The vet decided to medicate them with doxy/baytril and see if she could quickly find them a home. Yep more sick tilties arrive. :mrgreen: 

So she picked them up yesterday and then got them in this horrid weather to me today. Medicating tilties is one thing but tilty baby girls…another! 

The pearl girl looks insanely like my former Maya and is likely a distant relative of her since they were both from PJ’s and probably share ratmill relations. I named the 2 wee girls Mayan names in honour of her.

Her name is now Tepeu (pronounced Tepwa). Her tilt isn’t as bad as the wee one, but still very tilty. She is incredibly sweet, about 200 grams, very active, very curious and friendly.
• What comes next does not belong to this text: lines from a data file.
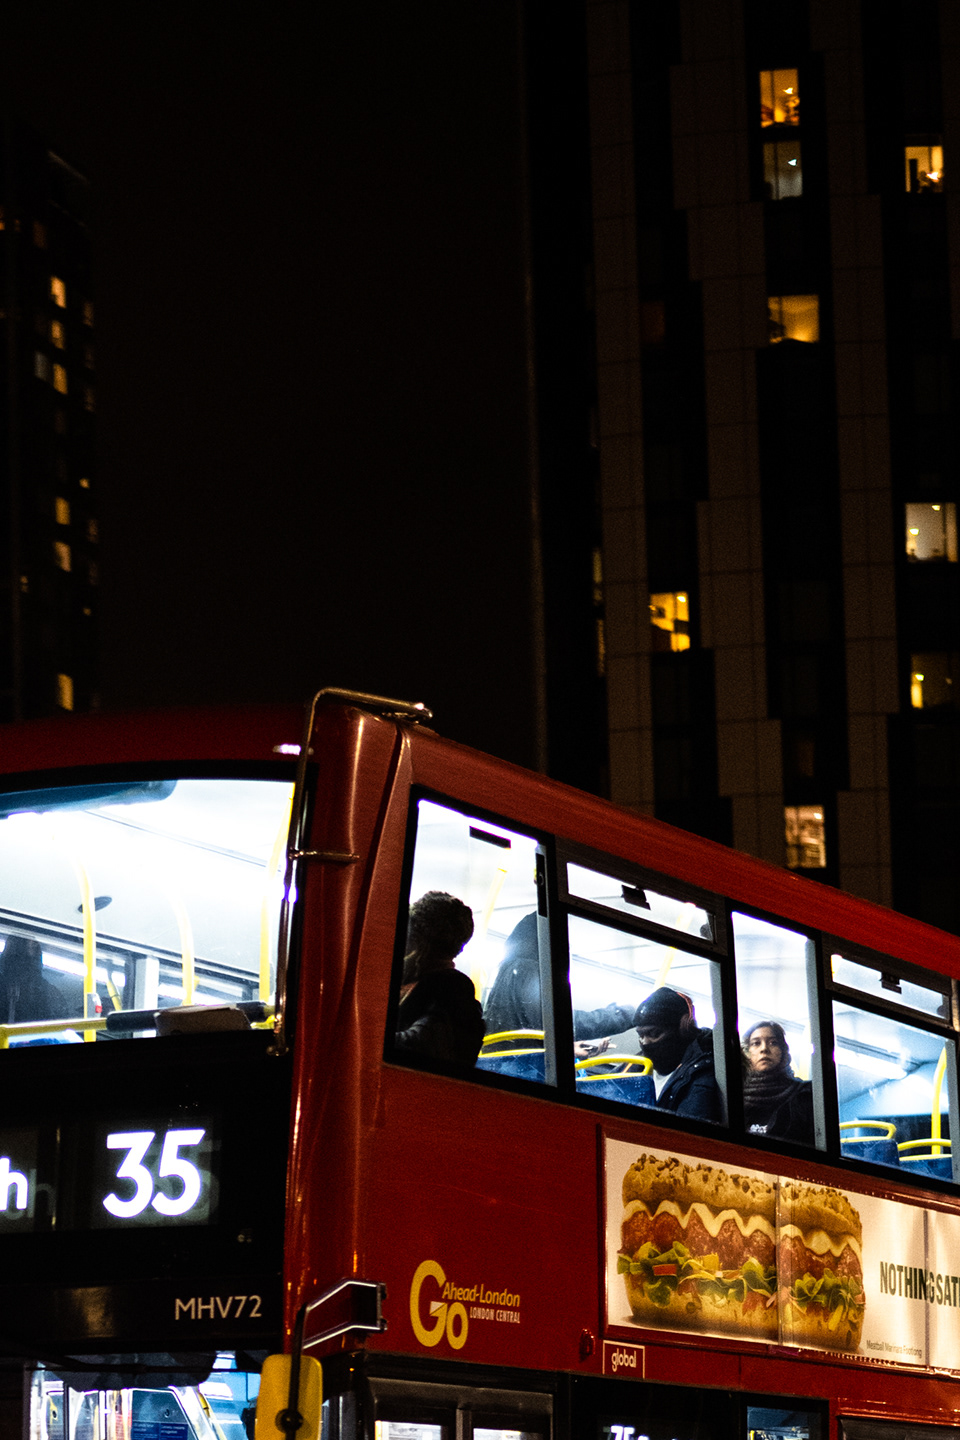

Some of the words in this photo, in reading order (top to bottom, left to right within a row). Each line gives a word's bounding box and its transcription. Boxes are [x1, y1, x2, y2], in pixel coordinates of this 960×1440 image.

[102, 1129, 206, 1218] 35
[410, 1260, 469, 1350] Go
[442, 1282, 520, 1307] Ahead-London
[174, 1295, 262, 1320] MHV72
[470, 1307, 495, 1320] LONDON
[496, 1310, 520, 1324] CENTRAL
[611, 1348, 637, 1372] global
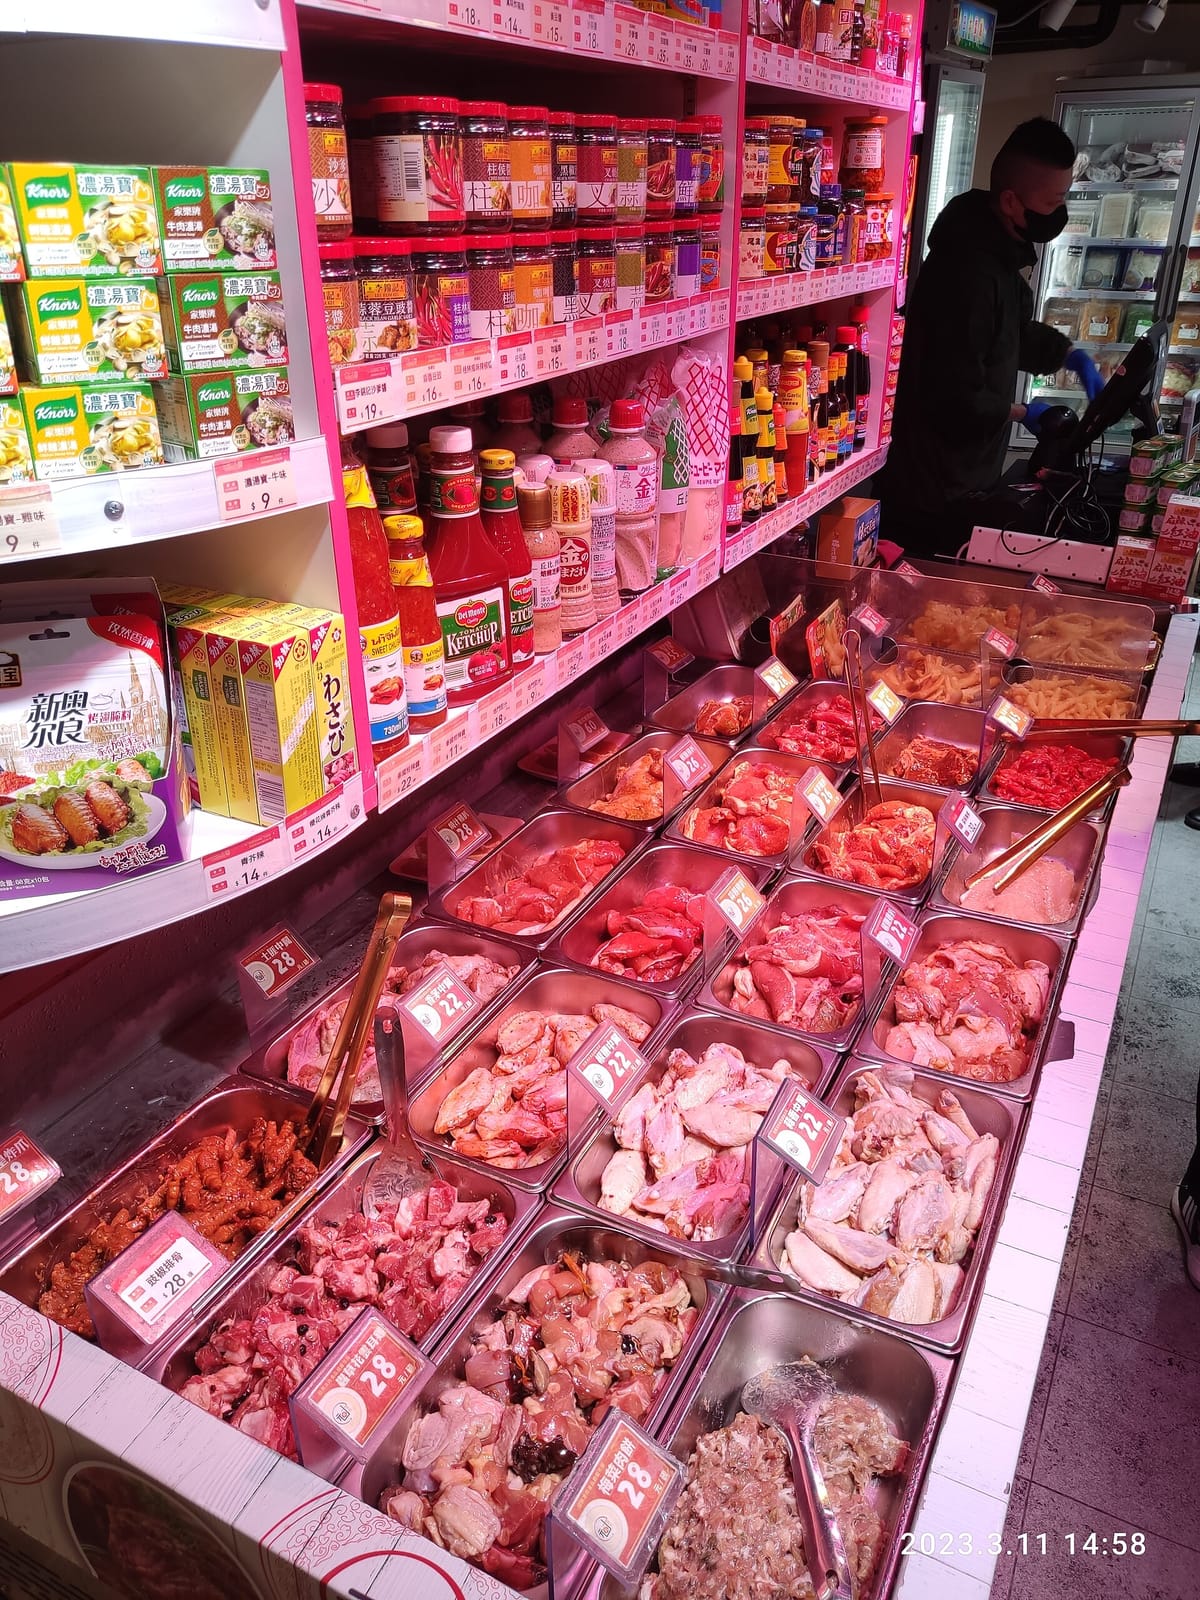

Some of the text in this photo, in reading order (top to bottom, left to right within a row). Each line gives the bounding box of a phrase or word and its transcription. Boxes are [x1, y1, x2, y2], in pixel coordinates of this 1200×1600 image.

Then there’s the teeny tiny mismarked fawn bareback…her name is Peku. She is brave, about 130 grams, is a bit nutty and very very tilty. 
There was a clean bowl on the couch and she got into and and started doing laps around inside of it until we removed it.
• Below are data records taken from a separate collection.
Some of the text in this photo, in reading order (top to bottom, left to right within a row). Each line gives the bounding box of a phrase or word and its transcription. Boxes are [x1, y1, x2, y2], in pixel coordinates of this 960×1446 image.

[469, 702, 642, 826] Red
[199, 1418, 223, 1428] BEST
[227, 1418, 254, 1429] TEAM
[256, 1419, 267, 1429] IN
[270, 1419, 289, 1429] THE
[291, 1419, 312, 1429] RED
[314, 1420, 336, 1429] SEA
They were medicated, and roared around their new cage, and we already had a mishap. Tepeu somehow got her toe stuck in the wire of the shelf edge and was screaming and hanging. I put my hand in to support her and get her free, and she bit me over and over in panic. I got her loose and was trying to see if she was hurt, but she bounced to the front of the cage and sniffed the hand that helped her. I realized then that even in pain and fear, she never broke the skin once!!! On the other hand brave little Peku decided I had hurt her friend, and nipped the Bad Hand sharply. 
Now little Tepeu lies on the top shelf angled and watching me. This is what happens when I come near…










Thank you moon!!!


----------



## mrstwinker (Oct 3, 2008)

*Re: Adding to my Tilty Colony...*

They are so cute, even with the head tilt


----------



## Zoundz (Jan 14, 2009)

*Re: Adding to my Tilty Colony...*

aww they're adorable. I don't have any tilties any more - though i did have a few.

xx


----------



## zombiedork (Jul 7, 2008)

*Re: Adding to my Tilty Colony...*

Aweh they are cuuuties :]


----------



## AMJ087 (Aug 27, 2008)

*Re: Adding to my Tilty Colony...*

super cute ratters


----------



## HappyMooCow (Jan 10, 2009)

*Re: Adding to my Tilty Colony...*

I love tilters..  Georgus photos!

I used to have one, I saw her in the petstore, and I knew for a fact that she'd go as snake food..

I couldn't resist.. 

She was very very sweet rat!!

I think tilt gives them personality!


----------



## lilspaz68 (Feb 24, 2007)

*Re: Adding to my Tilty Colony...*

We lost Peku on Friday night. :'(

But Tepeu is now living with her big brothers and is happy again 

Fred with his sister









Tepeu with Marley


----------



## Gary26Uk (Oct 2, 2007)

Poor Peku , I'm sorry you lost her :-[ Tepeu , looks gorgeous ! in that first pic we see of her she almost looks like she's gonna do the exorcist head spinning thing ;D
I've never had a tilty head rat but my friend has one after little Pancho either had a stroke or a rather nasty inner ear infection , the vet couldn't decide which so put him on antibiotics which sadly made no difference. He's still just as cute though if not cuter as he now has that permanent "really??!" look on his little face


----------



## HappyMooCow (Jan 10, 2009)

Sorry about your rattie 

It always hurt..


----------